EXERCISE DIRECTIONS » Each line below should be repeated exactly, but no picture should be carried over.

MATERIAL TO PROCESS »
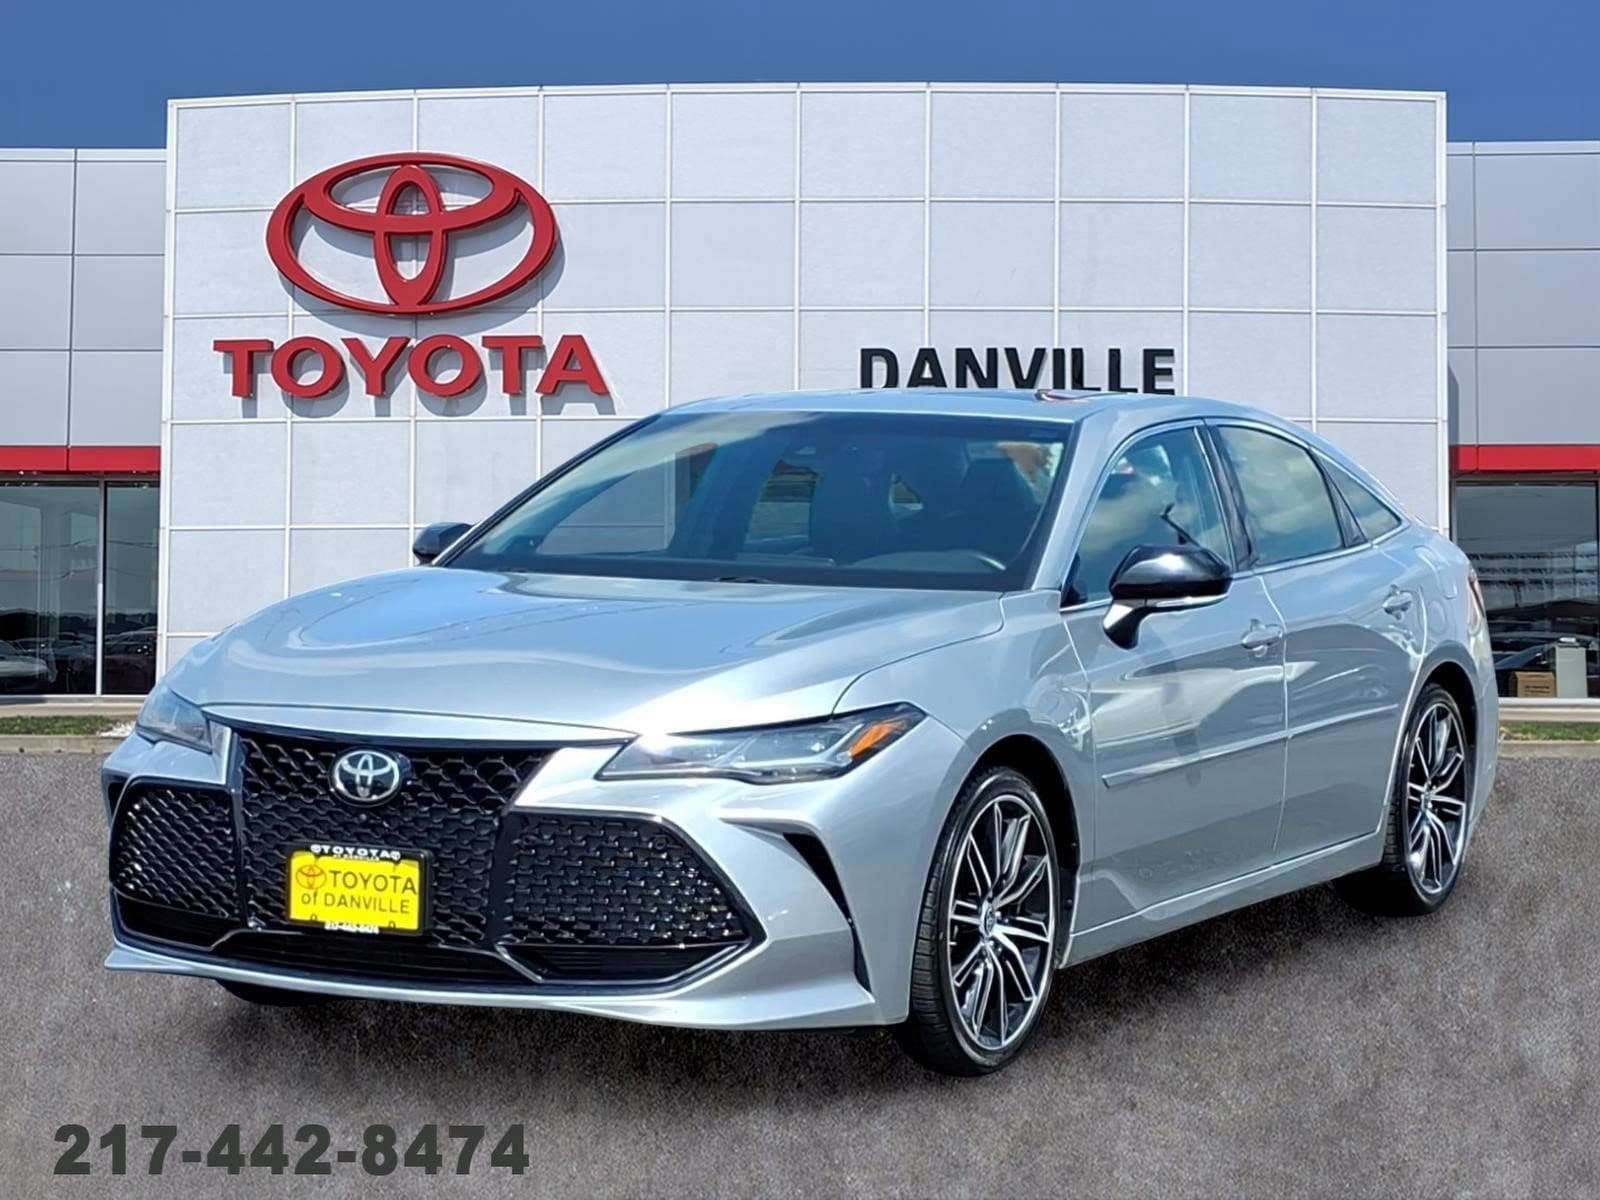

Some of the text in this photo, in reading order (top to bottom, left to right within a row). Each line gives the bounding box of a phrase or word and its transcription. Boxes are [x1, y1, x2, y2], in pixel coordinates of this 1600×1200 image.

[213, 334, 611, 399] TOYOTA
[859, 347, 1176, 395] DANVILLE
[321, 844, 391, 859] TOYOTA
[329, 869, 417, 895] TOYOTA
[301, 890, 411, 914] of DANVILLE
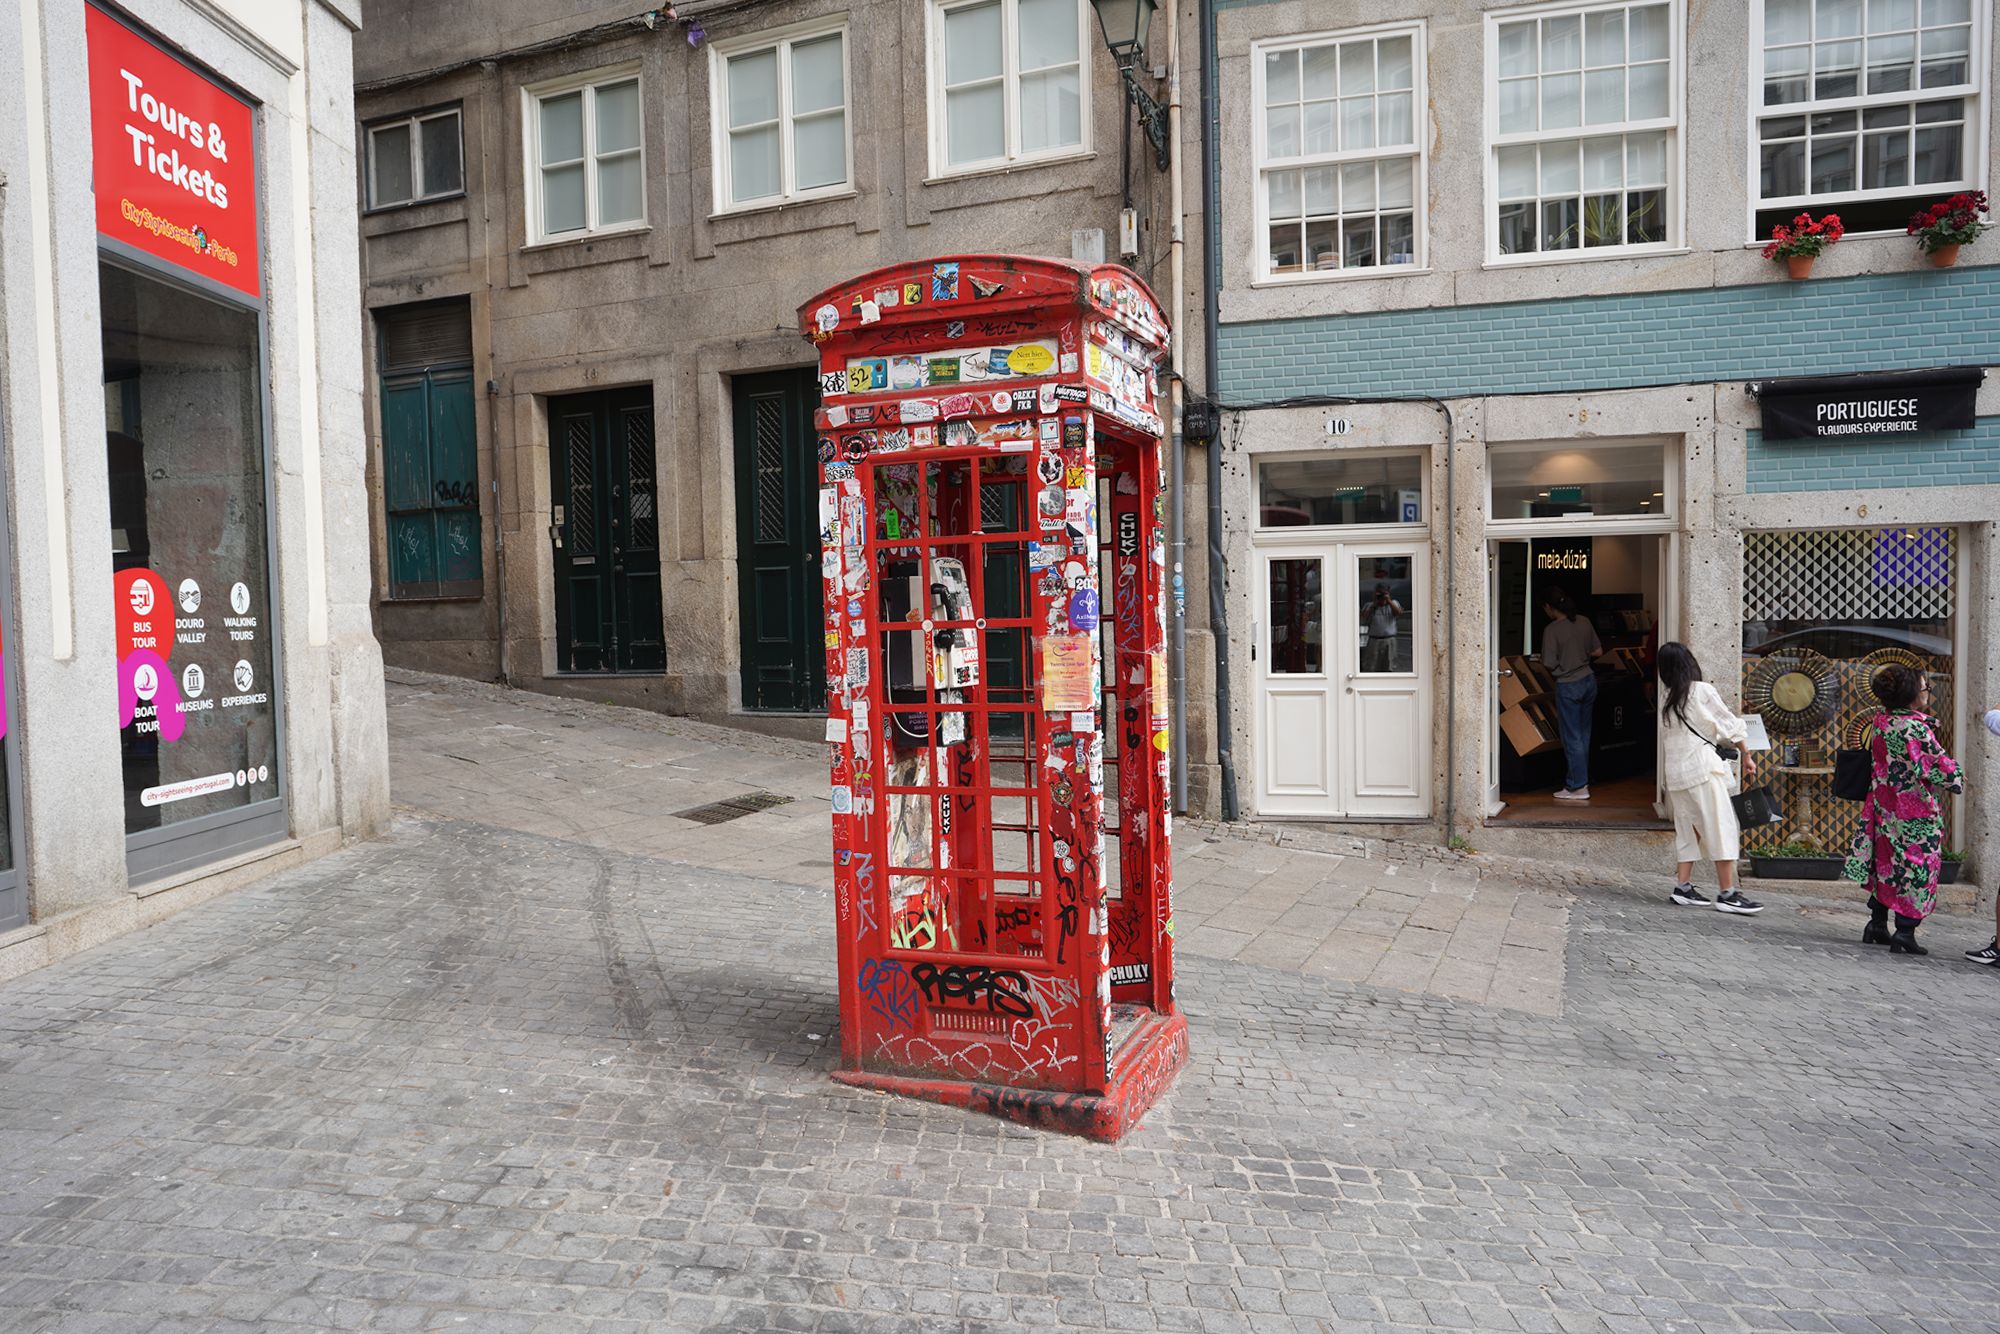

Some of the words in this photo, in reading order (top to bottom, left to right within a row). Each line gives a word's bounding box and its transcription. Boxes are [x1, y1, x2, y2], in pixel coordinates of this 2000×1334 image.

[120, 68, 205, 149] Tours
[208, 122, 228, 164] &
[125, 124, 228, 209] Tickets
[211, 239, 236, 267] Porto
[1013, 390, 1037, 400] OREKA
[1017, 400, 1032, 410] FKR
[1817, 399, 1918, 421] PORTUGUESE
[1332, 419, 1345, 434] 10
[1817, 423, 1863, 435] FLAVOURS
[1863, 421, 1918, 433] EXPERIENCE
[1857, 504, 1868, 519] 6
[1120, 513, 1136, 556] CHUKY
[133, 622, 152, 633] BUS
[175, 618, 204, 629] DOURO
[224, 617, 257, 628] WALKING
[177, 632, 206, 644] VALLEY
[230, 630, 254, 641] TOURS
[132, 637, 157, 649] TOUR
[175, 699, 213, 713] MUSEUMS
[222, 693, 267, 708] EXPERIENCES
[134, 705, 158, 719] BOAT
[135, 721, 160, 734] TOUR
[146, 778, 230, 800] city-sightseeing-portugal.com
[943, 794, 951, 834] CHUKY
[1110, 964, 1149, 981] CHUKY

SOLUTION TO THIS PROBLEM »
Some of the text in this photo, in reading order (top to bottom, left to right within a row). Each line gives the bounding box of a phrase or word and its transcription. Boxes are [x1, y1, x2, y2], in pixel coordinates of this 1600×1200 image.

[213, 334, 611, 399] TOYOTA
[859, 347, 1176, 395] DANVILLE
[321, 844, 391, 859] TOYOTA
[329, 869, 417, 895] TOYOTA
[301, 890, 411, 914] of DANVILLE

Some of the words in this photo, in reading order (top to bottom, left to right within a row). Each line gives a word's bounding box and its transcription. Boxes are [x1, y1, x2, y2], in pixel coordinates of this 2000×1334 image.

[120, 68, 205, 149] Tours
[208, 122, 228, 164] &
[125, 124, 228, 209] Tickets
[211, 239, 236, 267] Porto
[1013, 390, 1037, 400] OREKA
[1017, 400, 1032, 410] FKR
[1817, 399, 1918, 421] PORTUGUESE
[1332, 419, 1345, 434] 10
[1817, 423, 1863, 435] FLAVOURS
[1863, 421, 1918, 433] EXPERIENCE
[1857, 504, 1868, 519] 6
[1120, 513, 1136, 556] CHUKY
[133, 622, 152, 633] BUS
[175, 618, 204, 629] DOURO
[224, 617, 257, 628] WALKING
[177, 632, 206, 644] VALLEY
[230, 630, 254, 641] TOURS
[132, 637, 157, 649] TOUR
[175, 699, 213, 713] MUSEUMS
[222, 693, 267, 708] EXPERIENCES
[134, 705, 158, 719] BOAT
[135, 721, 160, 734] TOUR
[146, 778, 230, 800] city-sightseeing-portugal.com
[943, 794, 951, 834] CHUKY
[1110, 964, 1149, 981] CHUKY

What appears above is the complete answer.